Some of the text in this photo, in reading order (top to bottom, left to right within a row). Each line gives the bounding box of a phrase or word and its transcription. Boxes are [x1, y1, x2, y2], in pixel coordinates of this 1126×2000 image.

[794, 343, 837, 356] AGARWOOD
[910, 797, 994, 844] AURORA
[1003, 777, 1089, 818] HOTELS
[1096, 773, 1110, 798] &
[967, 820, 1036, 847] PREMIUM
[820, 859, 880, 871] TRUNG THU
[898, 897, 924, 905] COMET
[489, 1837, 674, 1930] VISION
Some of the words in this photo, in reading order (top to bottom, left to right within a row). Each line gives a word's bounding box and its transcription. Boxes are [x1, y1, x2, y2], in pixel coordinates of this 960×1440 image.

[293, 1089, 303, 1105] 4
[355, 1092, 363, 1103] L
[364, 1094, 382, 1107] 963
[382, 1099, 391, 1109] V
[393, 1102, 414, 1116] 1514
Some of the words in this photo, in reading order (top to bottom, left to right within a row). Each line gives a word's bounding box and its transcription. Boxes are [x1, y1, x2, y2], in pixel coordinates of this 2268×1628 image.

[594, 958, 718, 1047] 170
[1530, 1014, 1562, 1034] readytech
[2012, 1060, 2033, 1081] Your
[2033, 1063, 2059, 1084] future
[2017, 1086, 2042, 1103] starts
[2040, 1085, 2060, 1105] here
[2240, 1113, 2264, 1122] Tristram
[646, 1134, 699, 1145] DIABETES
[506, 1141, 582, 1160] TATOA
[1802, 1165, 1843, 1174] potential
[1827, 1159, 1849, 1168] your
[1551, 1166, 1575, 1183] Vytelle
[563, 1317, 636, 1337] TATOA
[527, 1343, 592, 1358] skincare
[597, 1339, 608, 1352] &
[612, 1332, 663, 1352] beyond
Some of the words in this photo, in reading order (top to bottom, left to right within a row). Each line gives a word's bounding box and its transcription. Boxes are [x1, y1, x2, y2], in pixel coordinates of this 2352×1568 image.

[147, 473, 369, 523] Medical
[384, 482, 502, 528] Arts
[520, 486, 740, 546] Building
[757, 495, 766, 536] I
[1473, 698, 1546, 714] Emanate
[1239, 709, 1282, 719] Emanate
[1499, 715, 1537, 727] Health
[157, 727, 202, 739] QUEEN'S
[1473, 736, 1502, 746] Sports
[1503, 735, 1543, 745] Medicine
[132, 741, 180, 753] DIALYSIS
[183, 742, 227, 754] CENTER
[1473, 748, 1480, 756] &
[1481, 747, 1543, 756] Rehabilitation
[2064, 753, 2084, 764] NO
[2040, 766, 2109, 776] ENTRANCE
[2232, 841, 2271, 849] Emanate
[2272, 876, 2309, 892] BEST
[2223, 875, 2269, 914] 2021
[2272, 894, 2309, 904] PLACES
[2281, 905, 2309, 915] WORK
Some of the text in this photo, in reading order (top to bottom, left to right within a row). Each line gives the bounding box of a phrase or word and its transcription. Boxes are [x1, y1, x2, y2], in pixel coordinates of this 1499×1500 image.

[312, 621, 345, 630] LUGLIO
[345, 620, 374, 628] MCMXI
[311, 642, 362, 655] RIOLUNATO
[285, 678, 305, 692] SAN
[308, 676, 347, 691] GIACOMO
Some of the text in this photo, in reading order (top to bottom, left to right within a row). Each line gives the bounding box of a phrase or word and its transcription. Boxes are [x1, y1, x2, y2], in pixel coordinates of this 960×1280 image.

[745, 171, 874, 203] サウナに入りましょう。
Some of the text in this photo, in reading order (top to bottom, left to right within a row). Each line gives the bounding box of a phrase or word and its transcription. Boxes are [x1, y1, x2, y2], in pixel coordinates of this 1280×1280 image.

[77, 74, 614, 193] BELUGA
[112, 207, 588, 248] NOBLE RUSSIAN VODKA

----------------

- _WORK ITEM_
Copy the line containing "this 960×1280 image." and every line after it, through the last line of the records. Include nothing else.

- _FINISHED TASK_
Some of the text in this photo, in reading order (top to bottom, left to right within a row). Each line gives the bounding box of a phrase or word and its transcription. Boxes are [x1, y1, x2, y2], in pixel coordinates of this 960×1280 image.

[745, 171, 874, 203] サウナに入りましょう。
Some of the text in this photo, in reading order (top to bottom, left to right within a row). Each line gives the bounding box of a phrase or word and its transcription. Boxes are [x1, y1, x2, y2], in pixel coordinates of this 1280×1280 image.

[77, 74, 614, 193] BELUGA
[112, 207, 588, 248] NOBLE RUSSIAN VODKA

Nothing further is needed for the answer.